New Study Offers Insights Into Intratumoral Cancer Cell Intravasation

California researchers think they may have discovered why some cancers may reoccur after years in remission.

California researchers think they may have discovered why some cancers may reoccur after years in remission. In an article published in the journal Cell Reports, they demonstrate how invasive tumors may begin sending out tumor cells far earlier than previously thought.

Scientists at The Scripps Research Institute (TSRI) report that tumor cells enter blood vessels within the tumor core and not in the invasive tendrils. The active entry of cancer cells into the circulation is known as intravasation. Until now, it has been considered a relatively late event in tumor development occurring after stromal invasion. Now, this team has found that intravasation may be initiated early during tumor development and proceed in parallel to or independent of tumor invasion into surrounding stroma.

This discovery challenges the long-held assumption that tumor cells enter the bloodstream only after they invade adjacent stroma and reach tumor-converging blood vessels. Instead, the researchers found that fewer than 10% of escaped cells intravasated from the stroma-invading sprouts.

“The actual process of cancer cell dissemination via hematogenous routes is a relatively under-studied process, but we finally have an answer as to where it takes place,” said study investigator Elena Deryugina, PhD, who is an Assistant Professor Assistant in the Department of Molecular Medicine at TSRI, La Jolla, California.

Typically, a solid tumor is more or less confined during stages 0 and I, but starts invading nearby tissues at stage II. It is believed that the tumor begins to send the cells to distant organs only after extensive invasion into the adjacent stroma at stage III. Stage IV is usually associated with metastases.
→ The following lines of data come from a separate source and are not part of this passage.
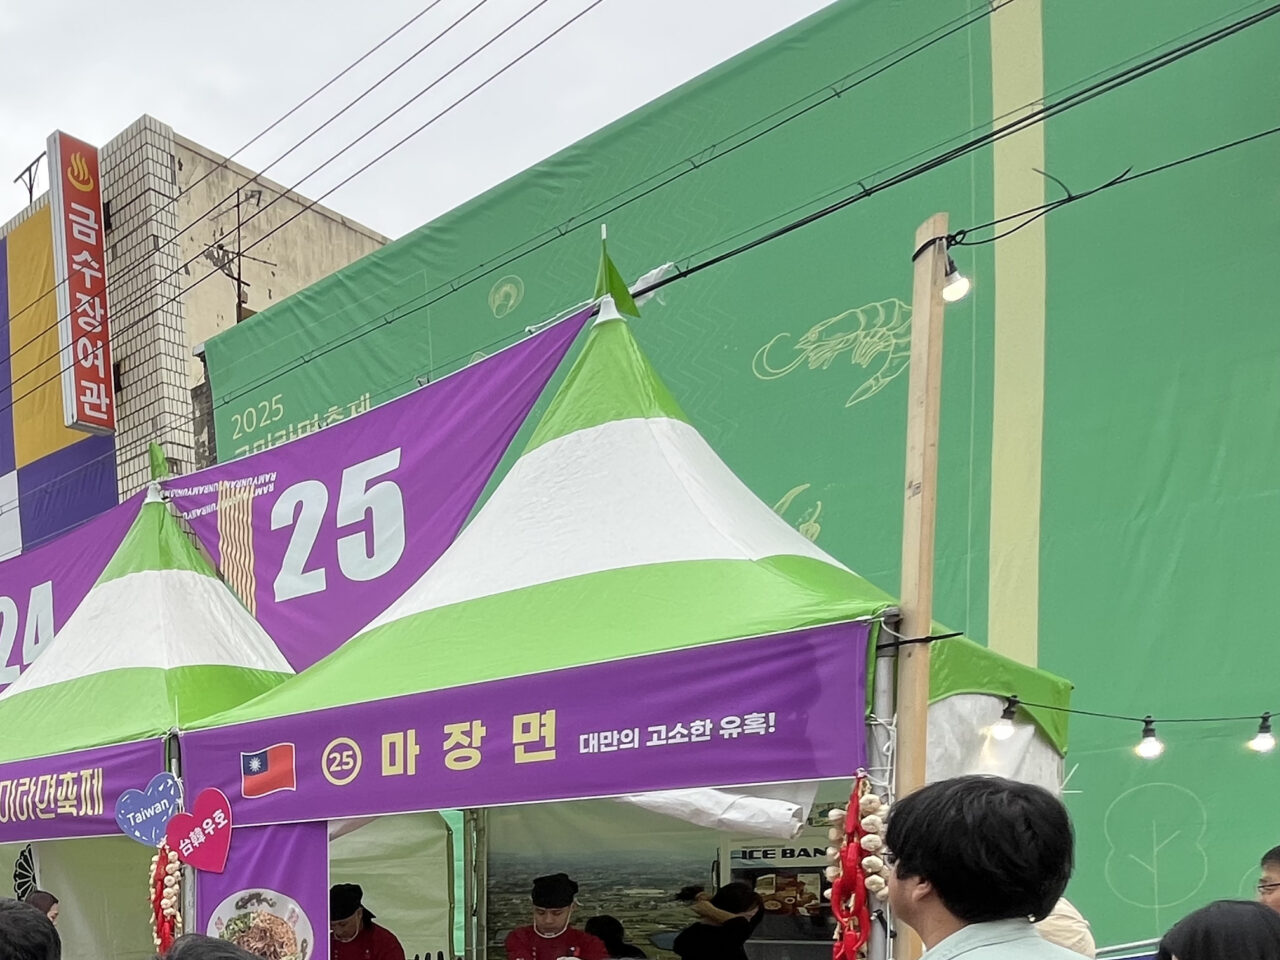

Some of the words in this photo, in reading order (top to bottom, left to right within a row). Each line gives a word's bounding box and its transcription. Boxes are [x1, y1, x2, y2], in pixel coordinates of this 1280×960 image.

[69, 201, 110, 420] 금수장여관
[231, 393, 285, 440] 2025
[271, 447, 407, 603] 25
[579, 727, 640, 754] 대만의
[645, 718, 714, 747] 고소한
[718, 711, 776, 739] 유혹!
[126, 798, 170, 827] Taiwan
[741, 849, 776, 860] ICE
The researchers suggest it may be time to rethink how stages are defined.

The researchers applied direct and unbiased intravasation scoring methods to two histologically distinct human cancer types in live animal models. They were surprised to find that intravasation occurred almost exclusively within the tumor core. They also found this process involved intratumoral vasculature. For this investigation, the team used cancer cell lines generated from human fibrosarcoma and carcinoma tumors.

To find out exactly where escaping cells come from, the scientists tagged human tumor cells with a florescent protein to distinguish them from the cells of a tumor-bearing animal. Using high-resolution confocal microscopy techniques, the researchers mapped in 3D all blood vessels across entire tumors, from the tumors’ dense cores to their invasive tendrils.
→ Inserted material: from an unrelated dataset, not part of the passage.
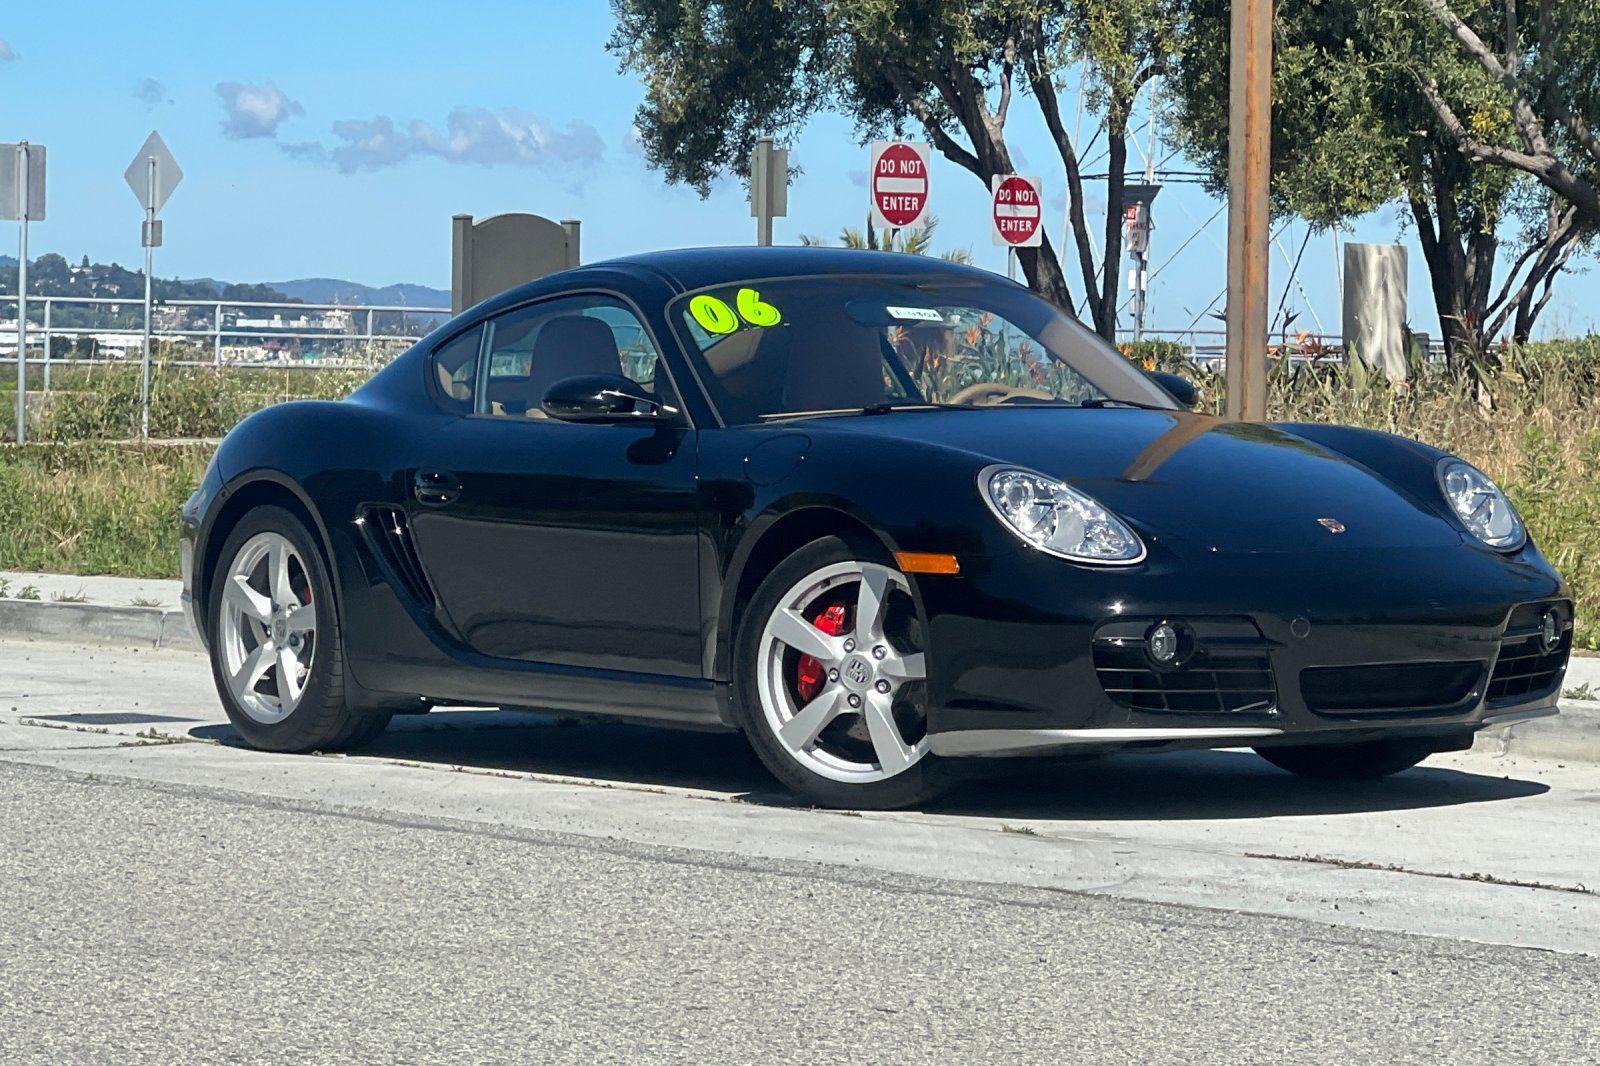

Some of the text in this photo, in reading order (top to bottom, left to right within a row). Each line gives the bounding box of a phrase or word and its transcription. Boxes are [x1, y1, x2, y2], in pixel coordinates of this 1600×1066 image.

These new findings may help explain why patients with early-stage tumors still have a risk of developing metastatic disease. The researchers found that levels of epidermal growth factor receptor (EGFR) could be a good indicator of whether tumor cells would intravasate. EGFR appeared to regulate a tumor’s ability to induce blood vessels that support cancer cell proliferation. Deryugina said the data point toward harnessing EGFR activity in cancer patients early rather than later.